[[ Records to use, beginning ]]

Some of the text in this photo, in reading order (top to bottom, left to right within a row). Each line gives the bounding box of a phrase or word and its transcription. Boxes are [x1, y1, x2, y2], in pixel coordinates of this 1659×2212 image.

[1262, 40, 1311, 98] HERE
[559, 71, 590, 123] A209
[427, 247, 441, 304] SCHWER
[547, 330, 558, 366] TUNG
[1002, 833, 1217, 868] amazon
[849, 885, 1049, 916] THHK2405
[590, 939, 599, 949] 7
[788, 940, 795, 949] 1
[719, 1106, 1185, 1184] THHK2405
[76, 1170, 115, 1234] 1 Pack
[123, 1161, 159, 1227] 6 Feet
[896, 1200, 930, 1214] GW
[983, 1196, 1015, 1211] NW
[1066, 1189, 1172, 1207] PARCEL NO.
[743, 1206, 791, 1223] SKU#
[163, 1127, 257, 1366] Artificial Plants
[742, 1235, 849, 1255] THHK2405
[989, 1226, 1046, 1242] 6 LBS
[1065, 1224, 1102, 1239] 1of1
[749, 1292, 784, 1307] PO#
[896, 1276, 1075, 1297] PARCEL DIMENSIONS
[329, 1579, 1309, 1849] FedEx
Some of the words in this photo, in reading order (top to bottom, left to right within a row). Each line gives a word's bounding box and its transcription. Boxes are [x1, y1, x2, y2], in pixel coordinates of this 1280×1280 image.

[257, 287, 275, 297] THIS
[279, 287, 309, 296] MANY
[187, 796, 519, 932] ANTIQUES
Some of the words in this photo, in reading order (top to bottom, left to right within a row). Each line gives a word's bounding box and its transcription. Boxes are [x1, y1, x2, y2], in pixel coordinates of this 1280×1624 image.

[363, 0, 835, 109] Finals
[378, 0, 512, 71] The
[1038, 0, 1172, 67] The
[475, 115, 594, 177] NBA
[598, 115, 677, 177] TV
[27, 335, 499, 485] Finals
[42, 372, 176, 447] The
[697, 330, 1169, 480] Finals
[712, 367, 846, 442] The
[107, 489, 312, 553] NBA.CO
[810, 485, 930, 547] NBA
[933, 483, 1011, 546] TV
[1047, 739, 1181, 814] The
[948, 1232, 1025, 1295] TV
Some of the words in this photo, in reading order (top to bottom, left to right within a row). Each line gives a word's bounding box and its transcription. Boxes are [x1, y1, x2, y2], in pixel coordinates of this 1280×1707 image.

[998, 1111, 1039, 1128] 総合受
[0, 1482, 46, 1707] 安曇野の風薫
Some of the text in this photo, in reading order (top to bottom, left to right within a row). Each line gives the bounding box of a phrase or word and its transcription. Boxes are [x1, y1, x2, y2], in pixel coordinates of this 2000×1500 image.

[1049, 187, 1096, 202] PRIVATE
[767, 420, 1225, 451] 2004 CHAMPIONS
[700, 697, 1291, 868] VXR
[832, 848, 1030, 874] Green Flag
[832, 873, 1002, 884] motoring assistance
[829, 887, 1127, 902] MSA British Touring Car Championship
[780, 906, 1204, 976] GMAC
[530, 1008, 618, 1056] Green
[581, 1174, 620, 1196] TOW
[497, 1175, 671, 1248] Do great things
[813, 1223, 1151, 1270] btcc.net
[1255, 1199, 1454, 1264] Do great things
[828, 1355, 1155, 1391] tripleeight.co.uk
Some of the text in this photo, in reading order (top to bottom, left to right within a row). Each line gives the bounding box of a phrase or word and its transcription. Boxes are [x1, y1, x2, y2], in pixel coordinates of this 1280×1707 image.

[[ Records to use, end ]]

Problem: Transcribe the data above in full, keeping every word as it is.

Task solution:
Some of the text in this photo, in reading order (top to bottom, left to right within a row). Each line gives the bounding box of a phrase or word and its transcription. Boxes are [x1, y1, x2, y2], in pixel coordinates of this 1659×2212 image.

[1262, 40, 1311, 98] HERE
[559, 71, 590, 123] A209
[427, 247, 441, 304] SCHWER
[547, 330, 558, 366] TUNG
[1002, 833, 1217, 868] amazon
[849, 885, 1049, 916] THHK2405
[590, 939, 599, 949] 7
[788, 940, 795, 949] 1
[719, 1106, 1185, 1184] THHK2405
[76, 1170, 115, 1234] 1 Pack
[123, 1161, 159, 1227] 6 Feet
[896, 1200, 930, 1214] GW
[983, 1196, 1015, 1211] NW
[1066, 1189, 1172, 1207] PARCEL NO.
[743, 1206, 791, 1223] SKU#
[163, 1127, 257, 1366] Artificial Plants
[742, 1235, 849, 1255] THHK2405
[989, 1226, 1046, 1242] 6 LBS
[1065, 1224, 1102, 1239] 1of1
[749, 1292, 784, 1307] PO#
[896, 1276, 1075, 1297] PARCEL DIMENSIONS
[329, 1579, 1309, 1849] FedEx
Some of the words in this photo, in reading order (top to bottom, left to right within a row). Each line gives a word's bounding box and its transcription. Boxes are [x1, y1, x2, y2], in pixel coordinates of this 1280×1280 image.

[257, 287, 275, 297] THIS
[279, 287, 309, 296] MANY
[187, 796, 519, 932] ANTIQUES
Some of the words in this photo, in reading order (top to bottom, left to right within a row). Each line gives a word's bounding box and its transcription. Boxes are [x1, y1, x2, y2], in pixel coordinates of this 1280×1624 image.

[363, 0, 835, 109] Finals
[378, 0, 512, 71] The
[1038, 0, 1172, 67] The
[475, 115, 594, 177] NBA
[598, 115, 677, 177] TV
[27, 335, 499, 485] Finals
[42, 372, 176, 447] The
[697, 330, 1169, 480] Finals
[712, 367, 846, 442] The
[107, 489, 312, 553] NBA.CO
[810, 485, 930, 547] NBA
[933, 483, 1011, 546] TV
[1047, 739, 1181, 814] The
[948, 1232, 1025, 1295] TV
Some of the words in this photo, in reading order (top to bottom, left to right within a row). Each line gives a word's bounding box and its transcription. Boxes are [x1, y1, x2, y2], in pixel coordinates of this 1280×1707 image.

[998, 1111, 1039, 1128] 総合受
[0, 1482, 46, 1707] 安曇野の風薫
Some of the text in this photo, in reading order (top to bottom, left to right within a row). Each line gives the bounding box of a phrase or word and its transcription. Boxes are [x1, y1, x2, y2], in pixel coordinates of this 2000×1500 image.

[1049, 187, 1096, 202] PRIVATE
[767, 420, 1225, 451] 2004 CHAMPIONS
[700, 697, 1291, 868] VXR
[832, 848, 1030, 874] Green Flag
[832, 873, 1002, 884] motoring assistance
[829, 887, 1127, 902] MSA British Touring Car Championship
[780, 906, 1204, 976] GMAC
[530, 1008, 618, 1056] Green
[581, 1174, 620, 1196] TOW
[497, 1175, 671, 1248] Do great things
[813, 1223, 1151, 1270] btcc.net
[1255, 1199, 1454, 1264] Do great things
[828, 1355, 1155, 1391] tripleeight.co.uk
Some of the text in this photo, in reading order (top to bottom, left to right within a row). Each line gives the bounding box of a phrase or word and its transcription. Boxes are [x1, y1, x2, y2], in pixel coordinates of this 1280×1707 image.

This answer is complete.